Native Hawaiians believe the taro, which is used to make the starchy food poi and revered as an ancestor of the Hawaiian people, should not be tampered with. Taro, tall and broad-leafed, rise from paddy-like patches around the islands, and the purplish poi, a glutinous substance avoided by some, is an essential ingredient at Hawaiian luaus.
Researchers say the only way to protect the taro plant from spreading modern plant diseases is to insert resistant genes from rice, wheat and grape crops, altering the basic structure of the plant.
State lawmakers have stalled a bill sought by many Hawaiians that would have placed a statewide moratorium on genetic modification of taro for 10 years.
"How bad do things have to get before those who are anti-genetic modification will admit that taro needs help?" asked Susan Miyasaka, a researcher at the University of Hawaii-Hilo, who has been testing Chinese taro breeds. "The taro farmers are having trouble making ends meet."
About 50 protesters who gathered at a rally at the state Capitol on Friday said they don't want the so-called help that scientists say they can provide.
They question whether genetic modification will be any more effective than traditional crossbreeding techniques, and they worry that genetically modified crops could contaminate their Hawaiian taro breeds.
For some of the demonstrators, the issue about preserving the purity of the taro rather than the scientific merits of genetic modification.
"What we're really angry about is that the biotech industry has turned this into a genetic modification issue," said Hawaiian activist Walter Ritte. "This is about us protecting our family member."
According to Hawaiian legend, the cosmic first couple gave birth to a stillborn child, Haloa, from whose gnarled body sprang the broad-leafed plant whose roots are ground into poi. The Hawaiian people, it is believed, came from a second brother, making the plant part of their common ancestry.
Since ancient Hawaiian times, taro yields have dropped from 48,000 pounds (22,000 kilograms) per acre to 11,000 pounds (5,000 kilograms) per acre, Miyasaka said.
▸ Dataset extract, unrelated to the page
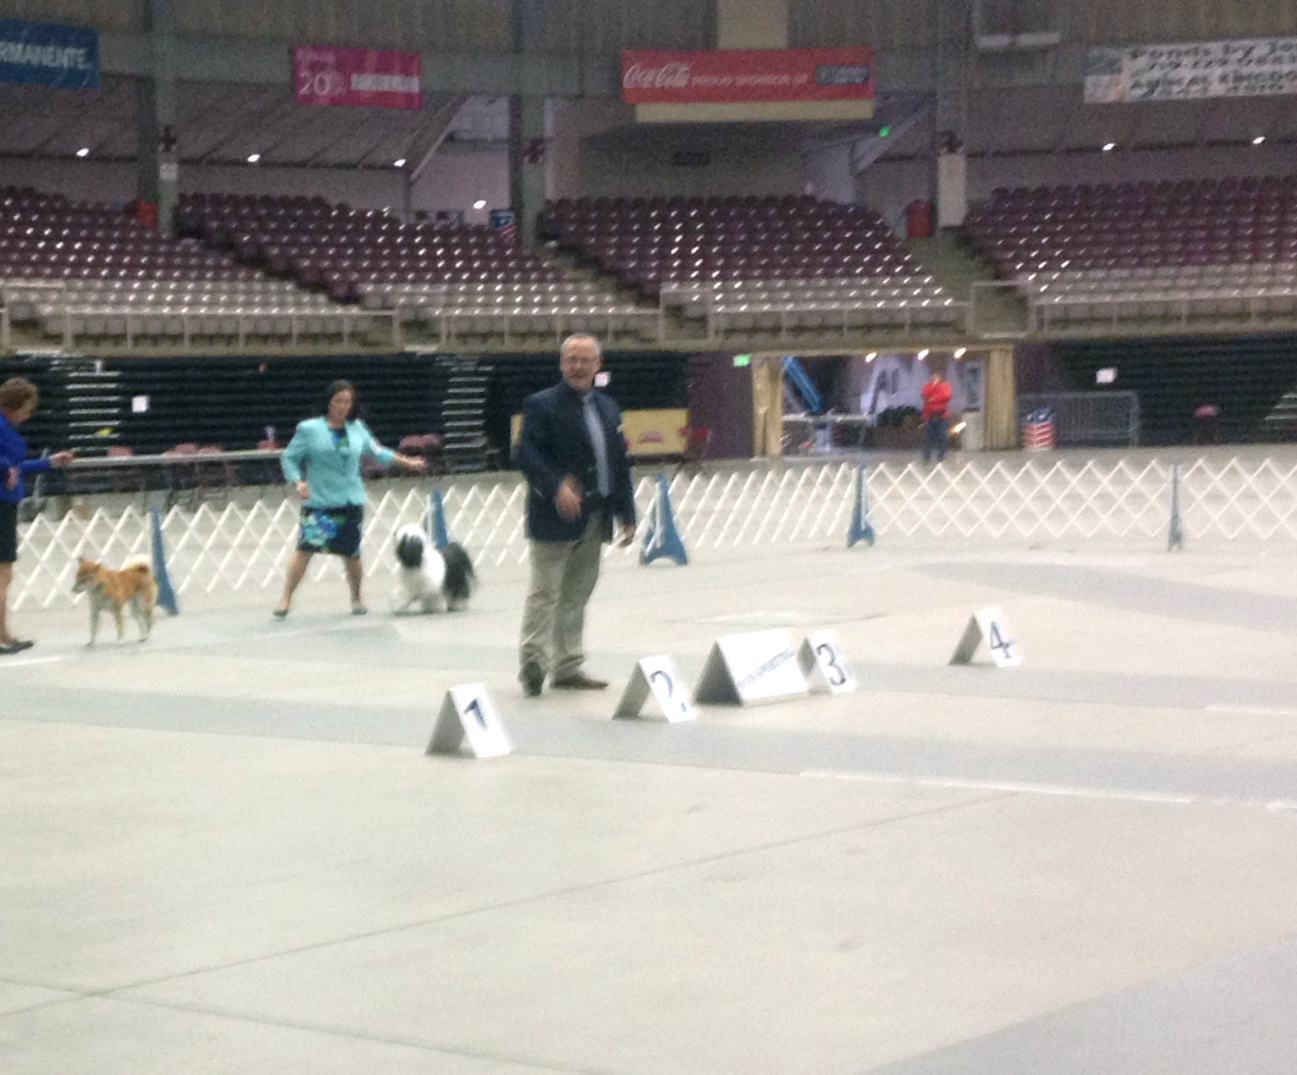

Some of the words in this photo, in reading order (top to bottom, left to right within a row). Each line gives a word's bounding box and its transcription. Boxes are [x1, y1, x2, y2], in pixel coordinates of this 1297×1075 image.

[989, 620, 1016, 660] 4
[815, 643, 846, 686] 3
[649, 669, 688, 714] 2
[463, 697, 489, 732] 1
Her research with preliminary tests has shown that her genetically modified Chinese taro is resistant to leaf blight, and she hopes to begin greenhouse trials soon.
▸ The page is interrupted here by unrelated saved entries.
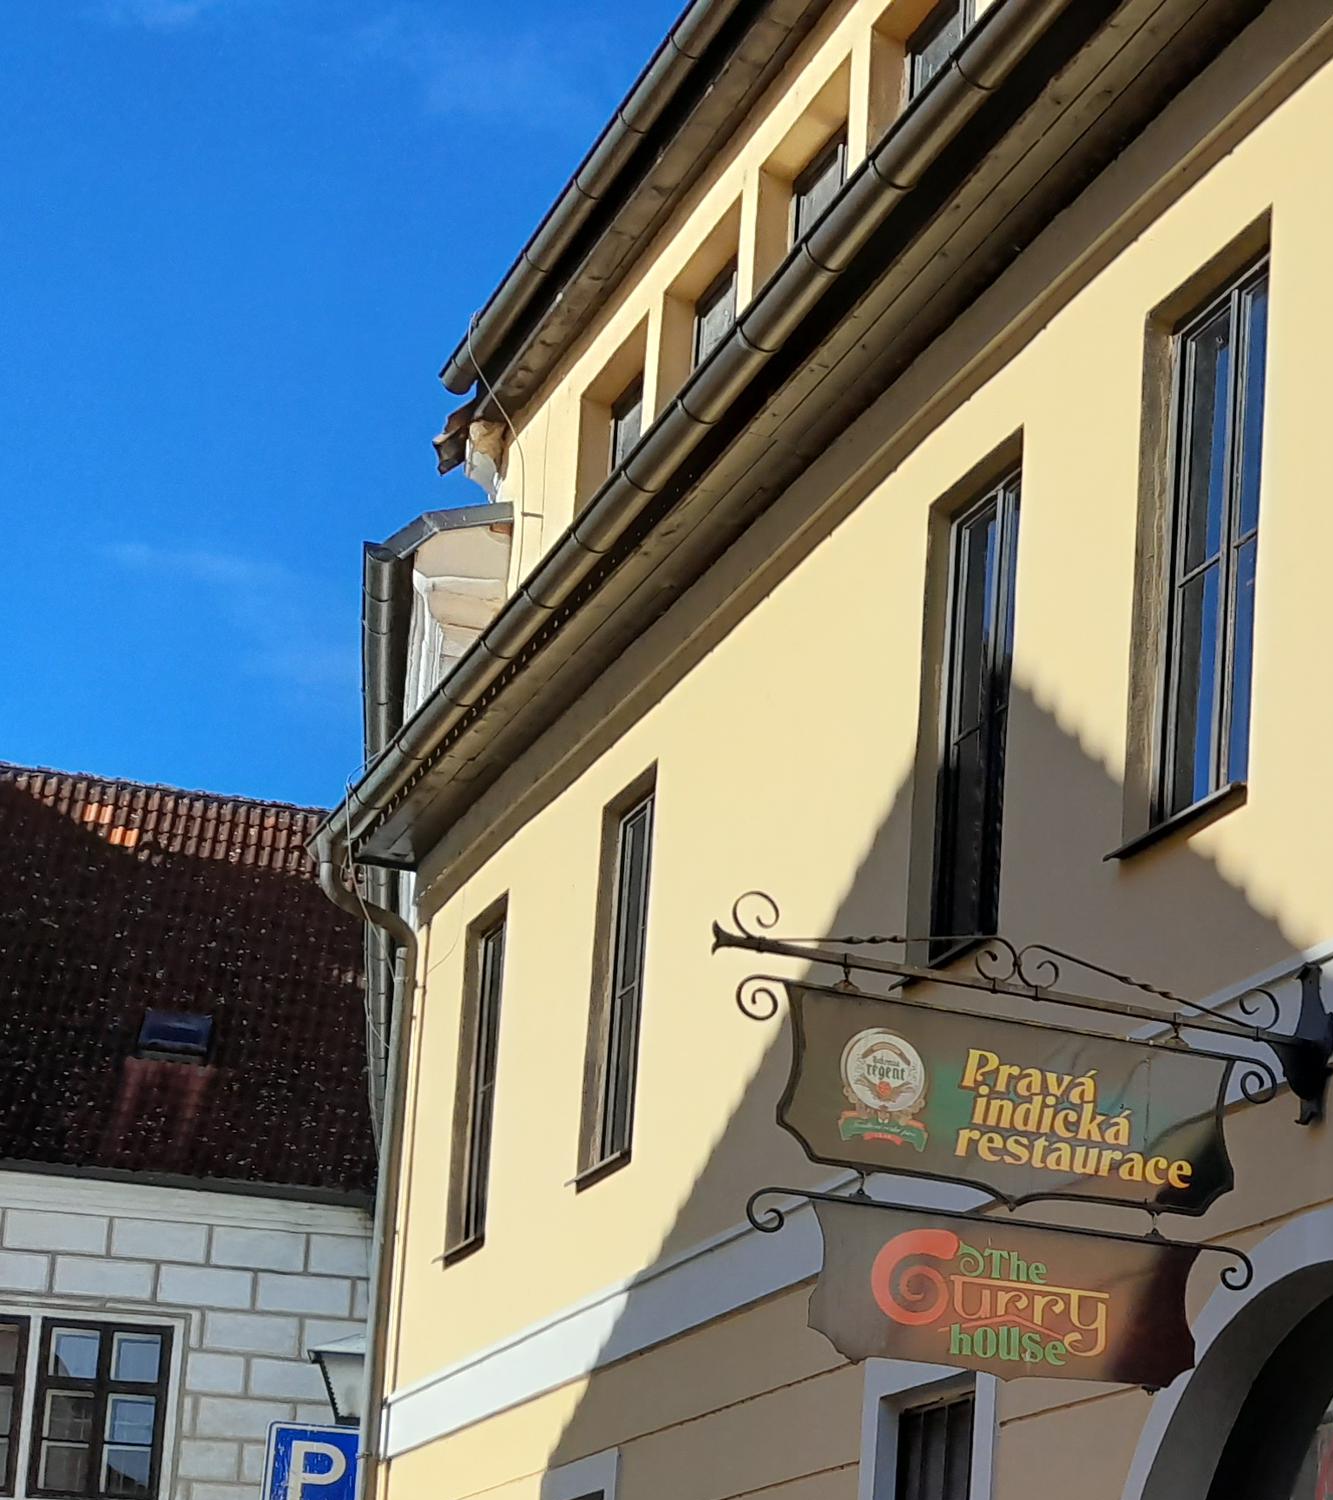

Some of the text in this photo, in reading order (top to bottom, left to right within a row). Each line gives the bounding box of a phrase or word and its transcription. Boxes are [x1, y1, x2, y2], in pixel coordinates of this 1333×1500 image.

[961, 1047, 1098, 1104] Pravá
[971, 1086, 1132, 1147] indická
[953, 1126, 1194, 1190] restaurace
[870, 1228, 1111, 1358] Curry
[984, 1246, 1048, 1285] The
[949, 1322, 1068, 1366] house
The University of Hawaii has agreed not to do research on Hawaiian types of taro, and it will be careful to prevent their experimental taro from breeding with native varieties, said Stephanie Whalen, president and director of the Hawaii Agriculture Research Center.
But scientists see no harm in continuing taro research.
"Just because you have research and development doesn't mean you're going to commercialize," Whalen said. "If they don't want it, nothing will happen."